● EXTRACTED DATA:
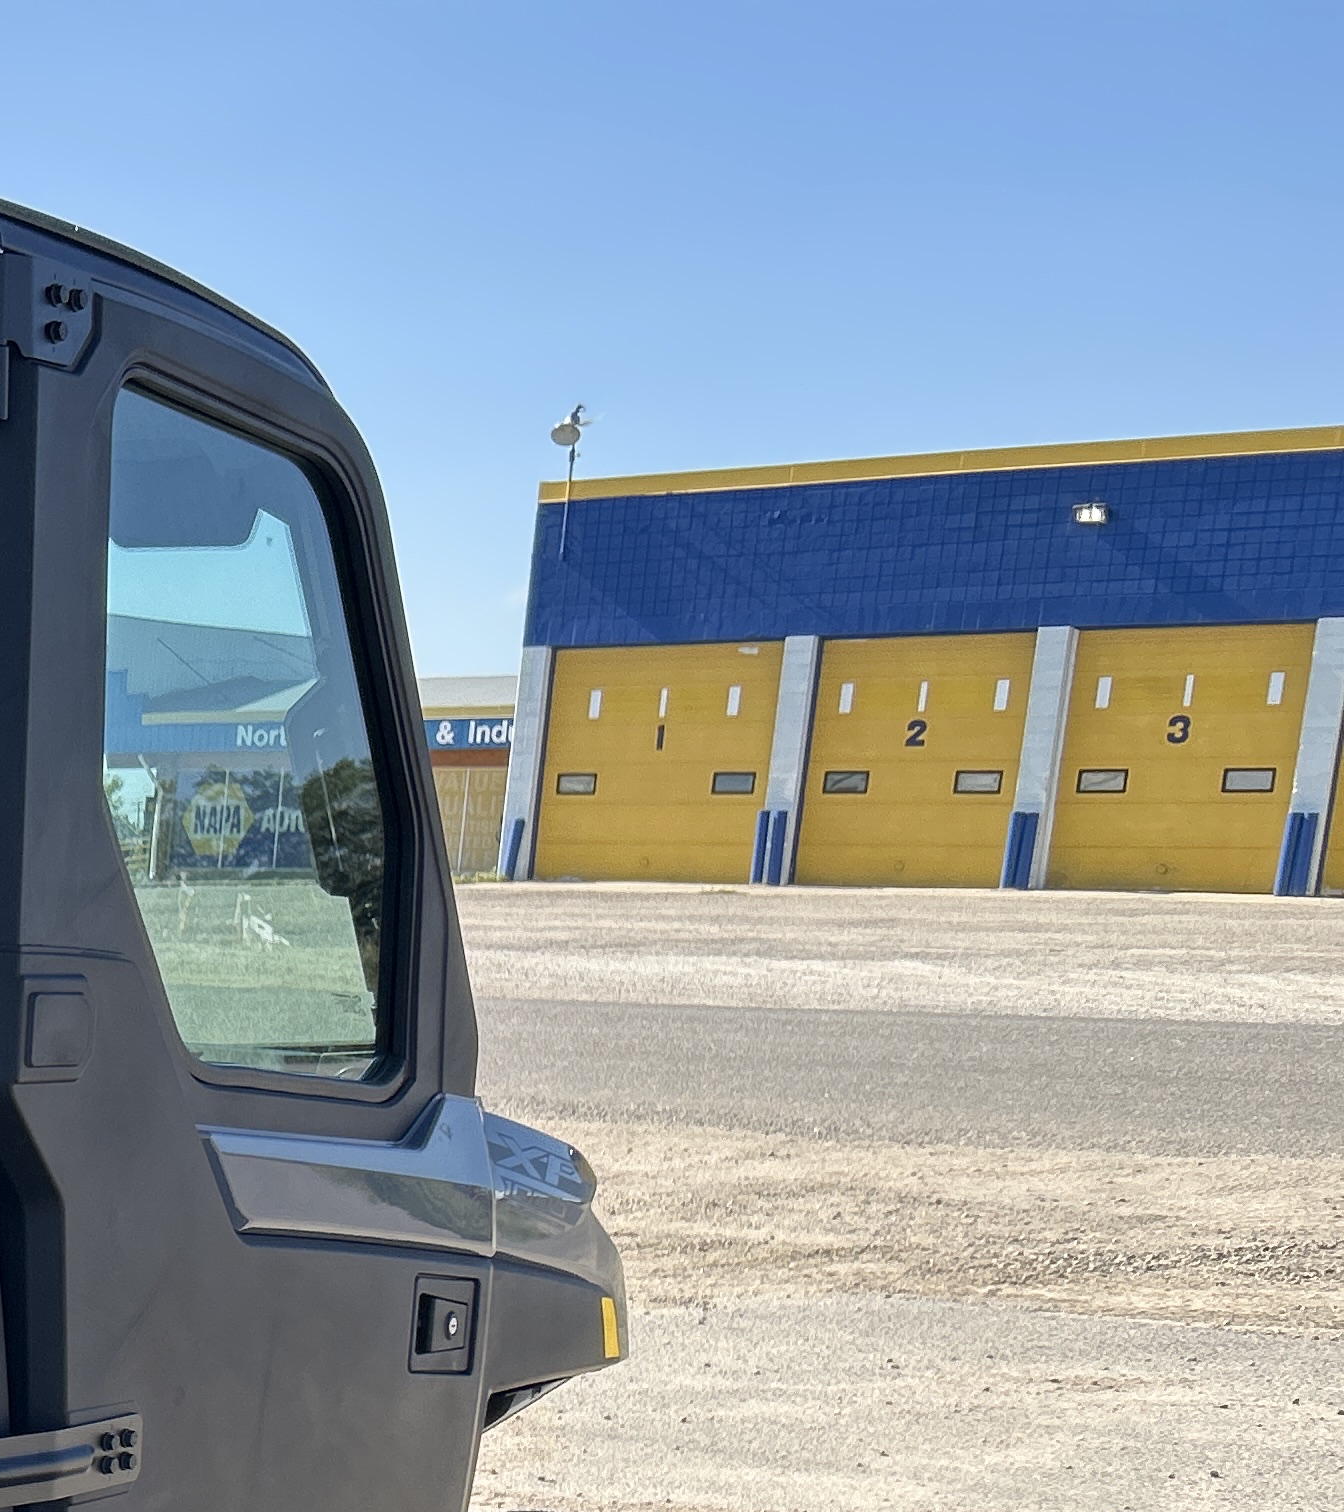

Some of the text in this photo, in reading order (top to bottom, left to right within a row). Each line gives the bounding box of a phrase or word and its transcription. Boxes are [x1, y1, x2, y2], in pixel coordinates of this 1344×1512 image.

[435, 720, 455, 745] &
[655, 724, 666, 751] 1
[904, 718, 928, 748] 2
[1165, 714, 1192, 745] 3
[193, 803, 242, 835] NAPA
[494, 1131, 582, 1187] XP
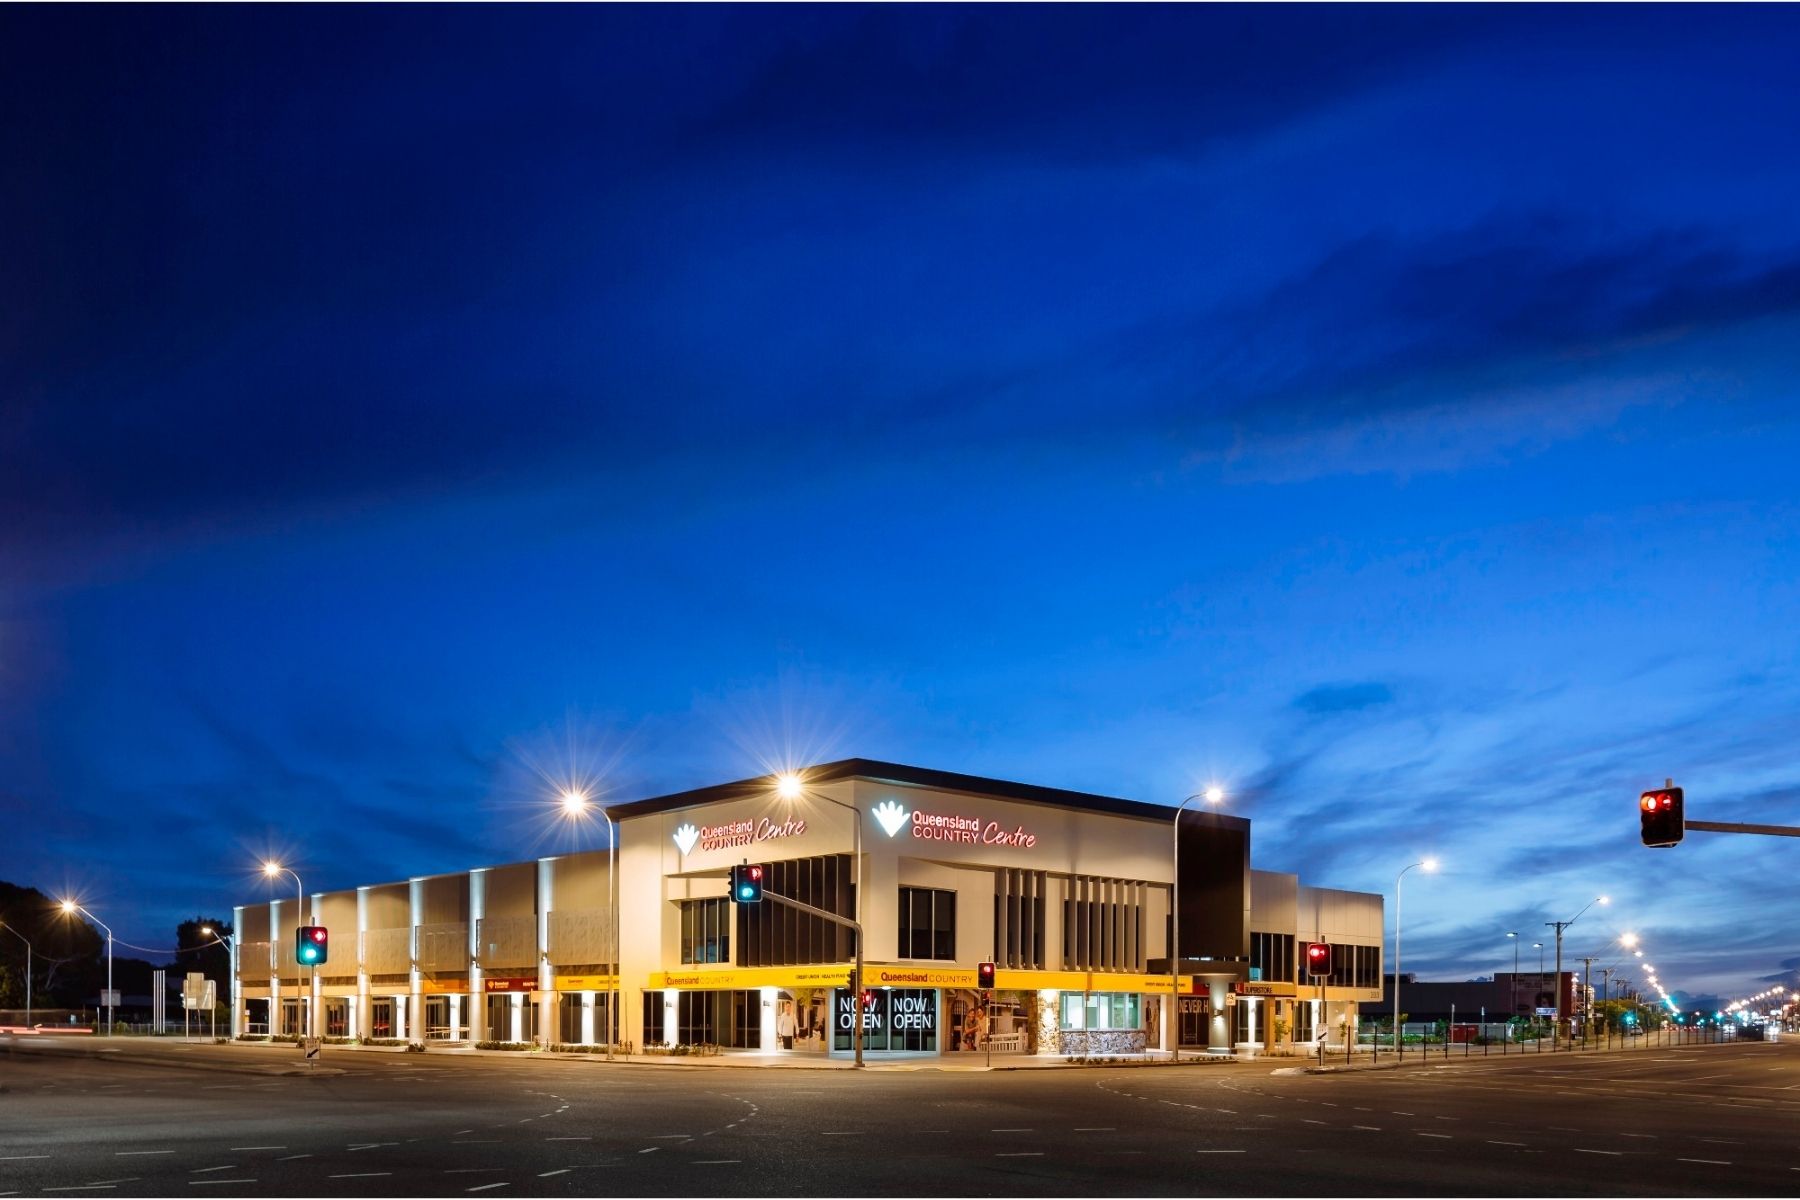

● EXERCISE: Write out the whole listing exactly, and drop the pictures.

● ANSWER FOR THE TASK:
Some of the text in this photo, in reading order (top to bottom, left to right within a row). Each line gives the bounding box of a phrase or word and its transcription. Boxes are [x1, y1, x2, y2], in pixel coordinates of this 1344×1512 image.

[435, 720, 455, 745] &
[655, 724, 666, 751] 1
[904, 718, 928, 748] 2
[1165, 714, 1192, 745] 3
[193, 803, 242, 835] NAPA
[494, 1131, 582, 1187] XP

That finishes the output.